* Exercise aim
Would you please repeat all of the data exactly, omitting the pictures?

* Image-backed grounding data
═══

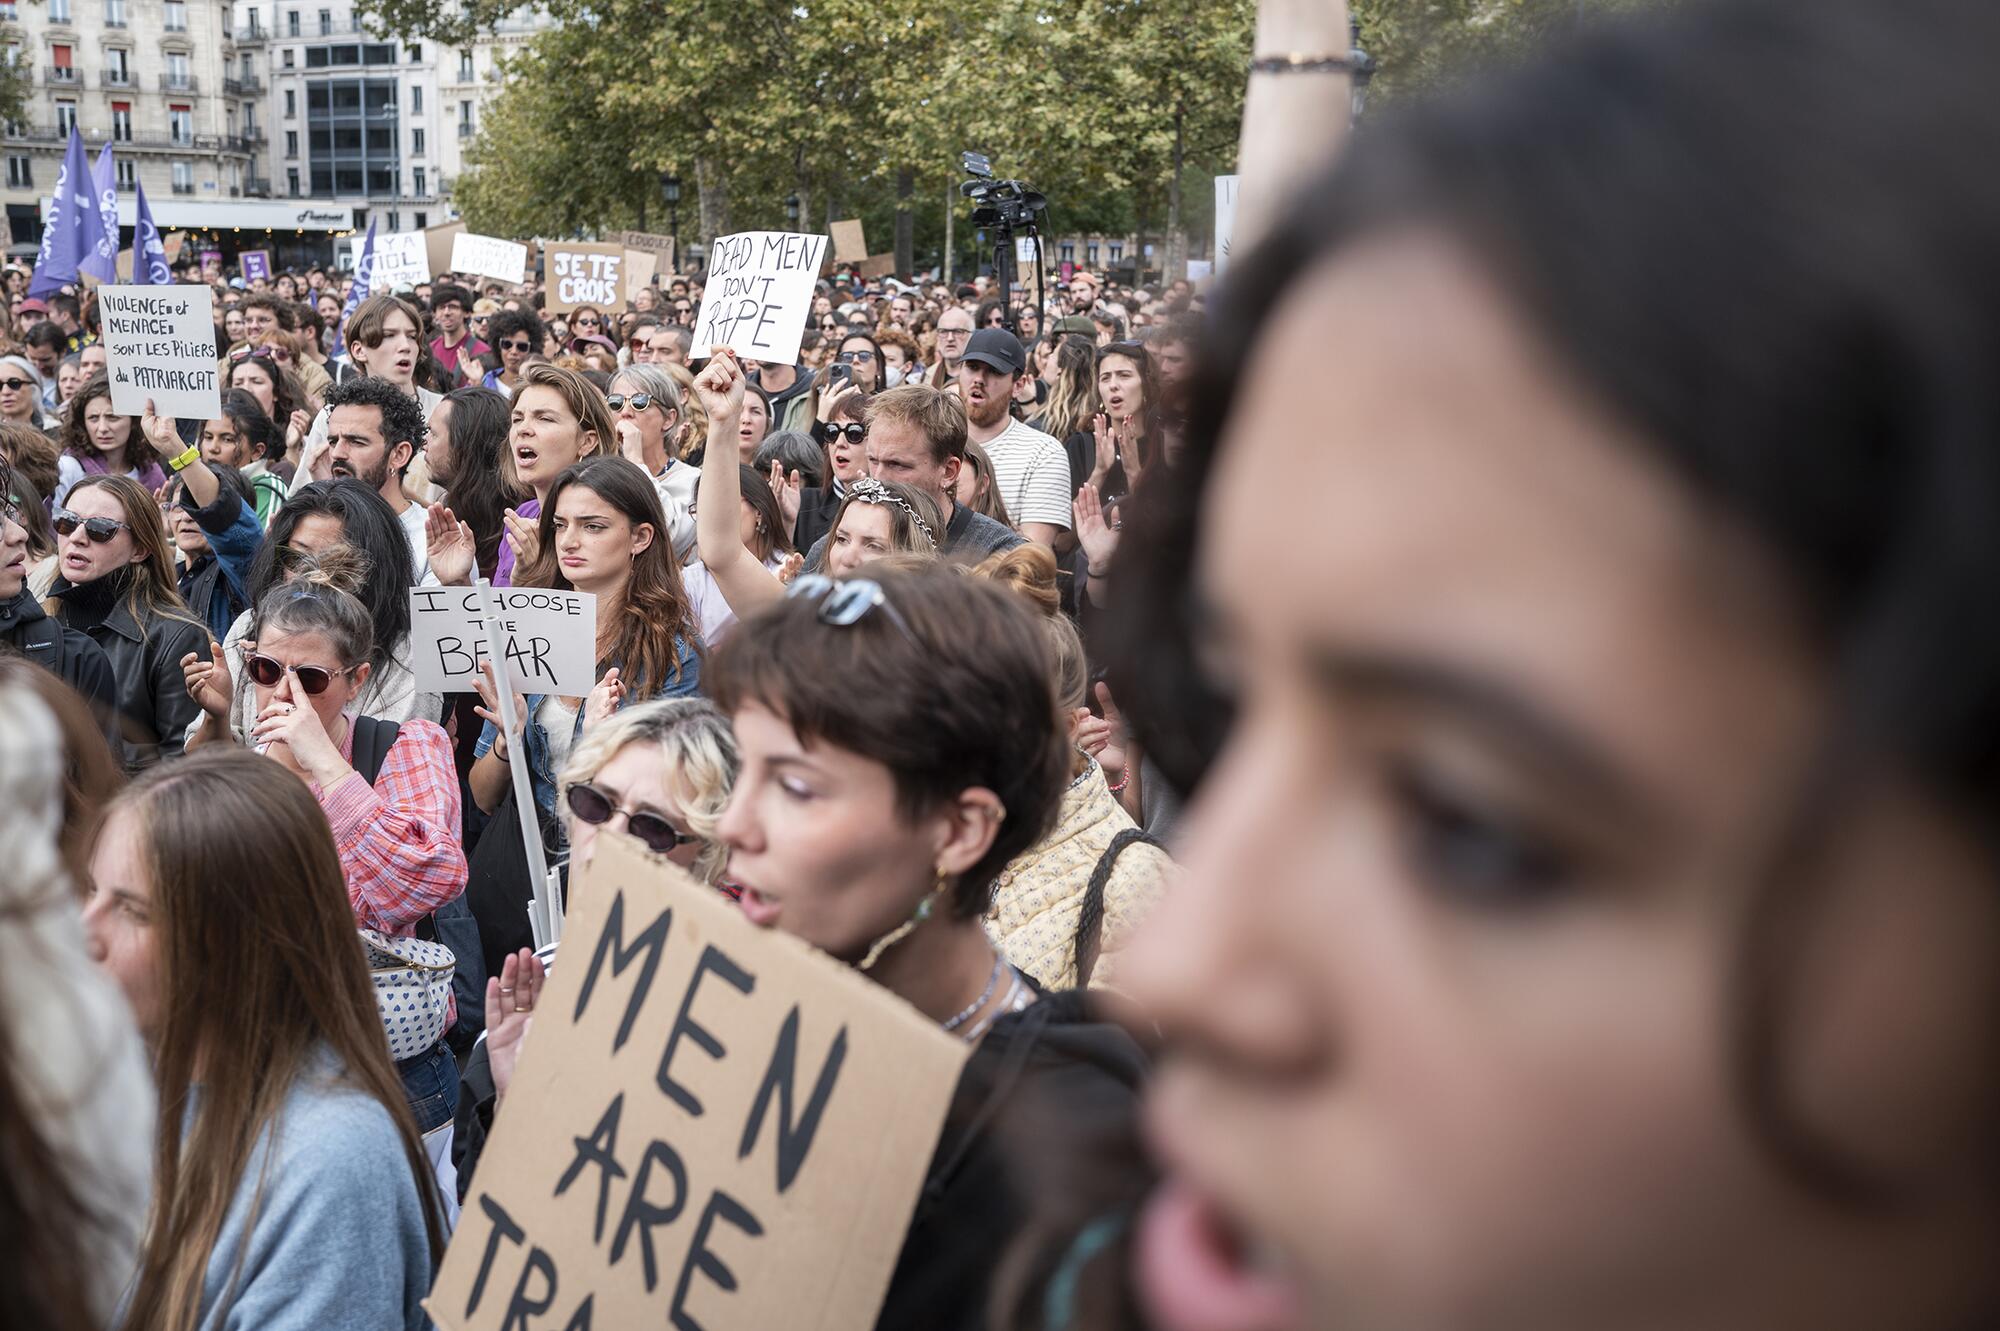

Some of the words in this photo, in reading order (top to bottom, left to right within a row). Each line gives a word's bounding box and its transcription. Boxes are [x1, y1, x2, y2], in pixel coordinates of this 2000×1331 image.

[554, 253, 587, 277] JE
[588, 254, 621, 281] TE
[711, 236, 753, 277] DEAD
[759, 234, 820, 271] MEN
[559, 278, 617, 305] CROIS
[723, 275, 775, 303] DON'T
[175, 300, 190, 315] et
[702, 299, 783, 347] RAPE
[146, 342, 170, 356] LES
[115, 367, 129, 383] du
[133, 366, 215, 391] PATRIARCAT
[413, 591, 449, 612] I
[437, 635, 558, 686] BEAR
[573, 888, 848, 1195] MEN
[553, 1091, 765, 1331] ARE
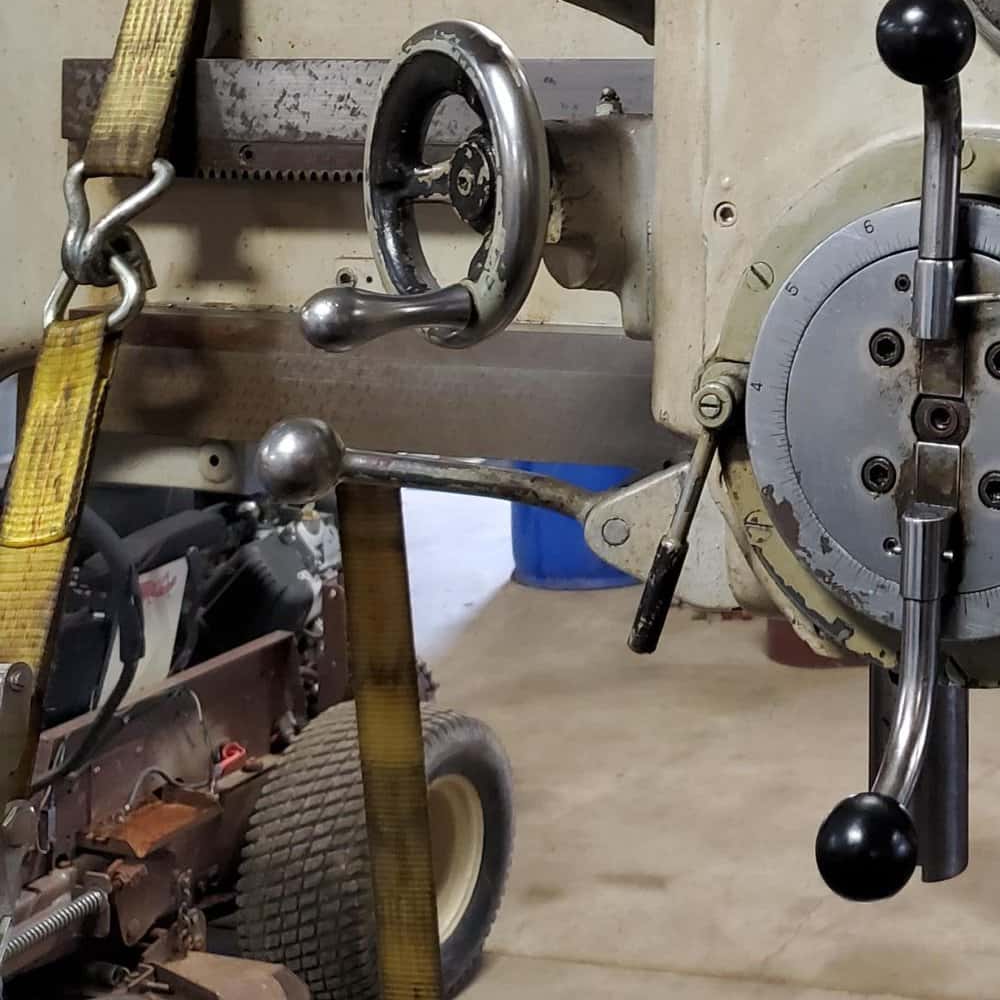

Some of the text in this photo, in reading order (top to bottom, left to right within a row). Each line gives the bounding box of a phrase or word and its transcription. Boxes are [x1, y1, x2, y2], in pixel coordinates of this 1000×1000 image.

[863, 219, 875, 234] 6
[785, 281, 799, 297] 5
[750, 381, 764, 392] 4
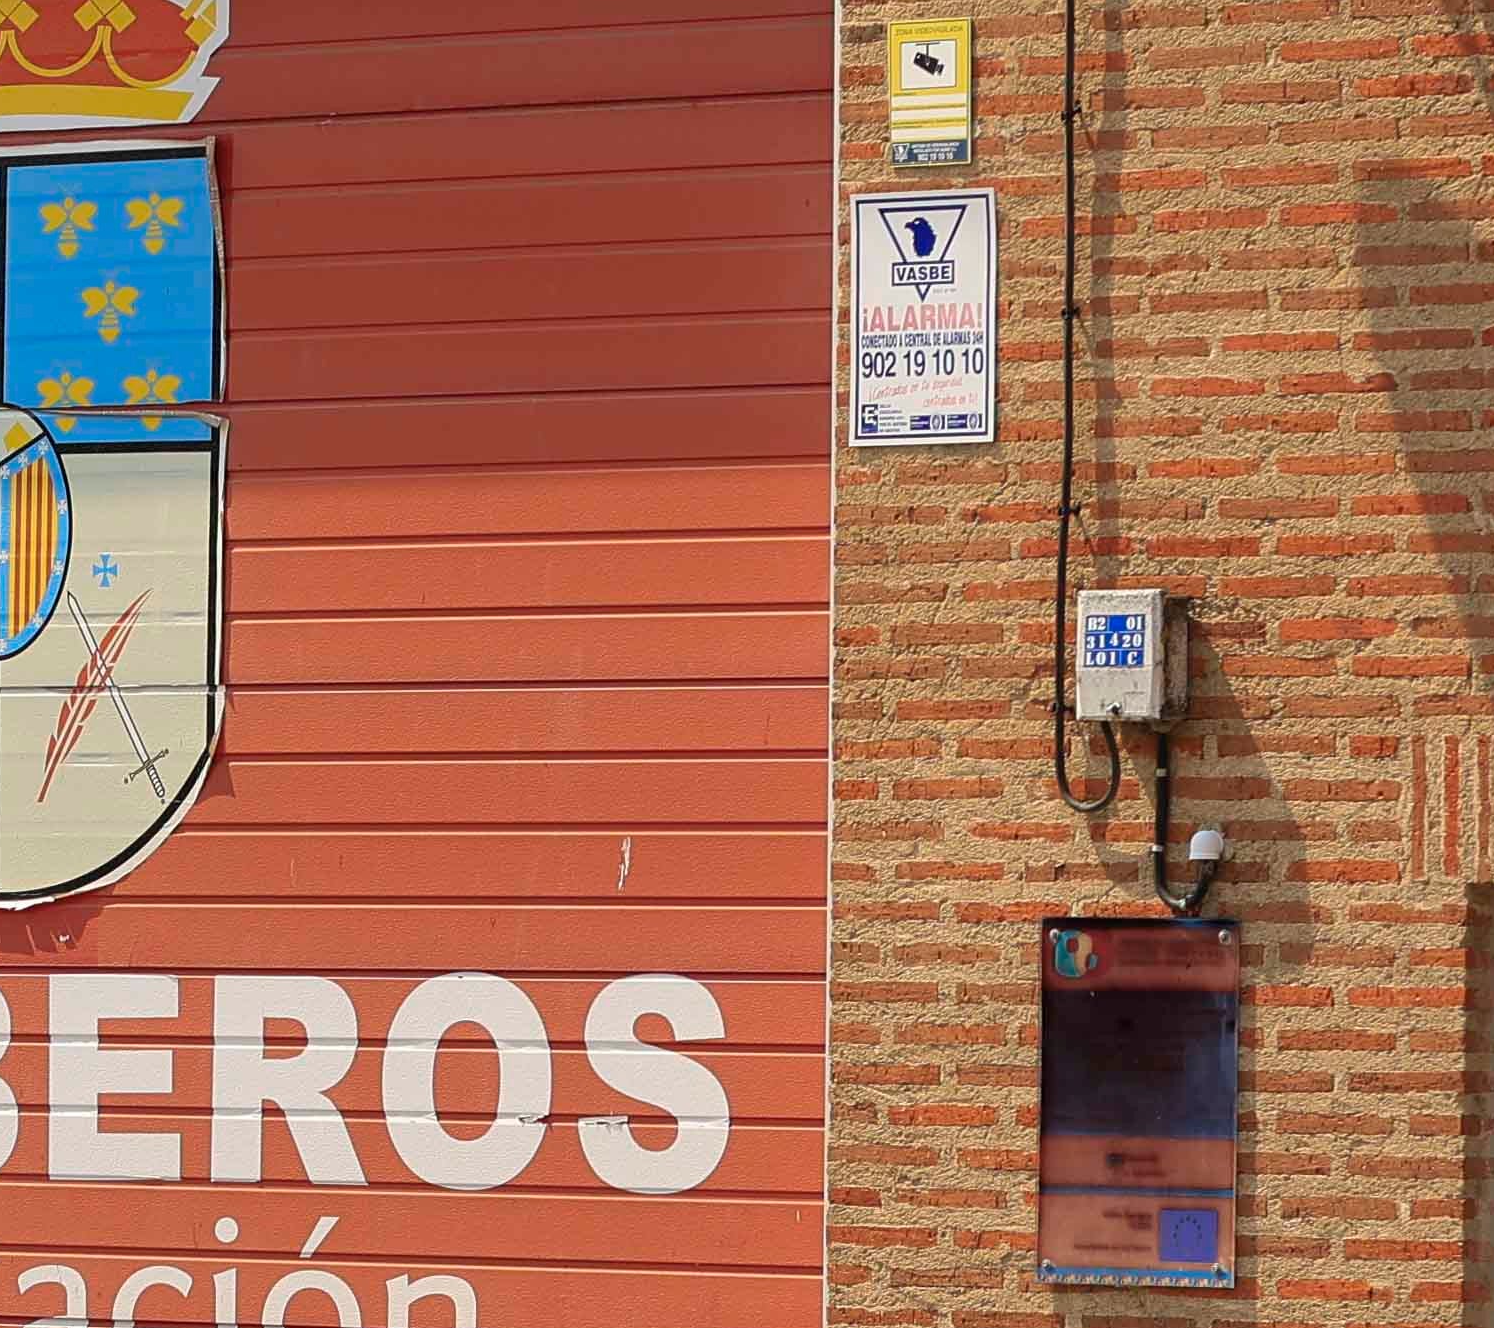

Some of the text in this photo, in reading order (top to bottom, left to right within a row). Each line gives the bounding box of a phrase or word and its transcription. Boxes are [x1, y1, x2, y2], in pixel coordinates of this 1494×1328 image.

[896, 265, 951, 282] VASBE
[862, 302, 983, 333] ¡ALARMA!
[861, 334, 898, 349] CONECTADO
[904, 333, 932, 347] CENTRAL
[933, 332, 941, 346] DE
[861, 348, 984, 378] 902 19 10 10
[1127, 651, 1138, 665] C

═══

* Result for this task
Some of the words in this photo, in reading order (top to bottom, left to right within a row). Each line gives a word's bounding box and its transcription. Boxes are [x1, y1, x2, y2], in pixel coordinates of this 2000×1331 image.

[554, 253, 587, 277] JE
[588, 254, 621, 281] TE
[711, 236, 753, 277] DEAD
[759, 234, 820, 271] MEN
[559, 278, 617, 305] CROIS
[723, 275, 775, 303] DON'T
[175, 300, 190, 315] et
[702, 299, 783, 347] RAPE
[146, 342, 170, 356] LES
[115, 367, 129, 383] du
[133, 366, 215, 391] PATRIARCAT
[413, 591, 449, 612] I
[437, 635, 558, 686] BEAR
[573, 888, 848, 1195] MEN
[553, 1091, 765, 1331] ARE

Some of the text in this photo, in reading order (top to bottom, left to right within a row). Each line gives the bounding box of a phrase or word and its transcription. Boxes are [x1, y1, x2, y2], in pixel coordinates of this 1000×1000 image.

[863, 219, 875, 234] 6
[785, 281, 799, 297] 5
[750, 381, 764, 392] 4

Some of the text in this photo, in reading order (top to bottom, left to right within a row). Each line gives the bounding box of a phrase or word and its transcription. Boxes are [x1, y1, x2, y2], in pixel coordinates of this 1494×1328 image.

[896, 265, 951, 282] VASBE
[862, 302, 983, 333] ¡ALARMA!
[861, 334, 898, 349] CONECTADO
[904, 333, 932, 347] CENTRAL
[933, 332, 941, 346] DE
[861, 348, 984, 378] 902 19 10 10
[1127, 651, 1138, 665] C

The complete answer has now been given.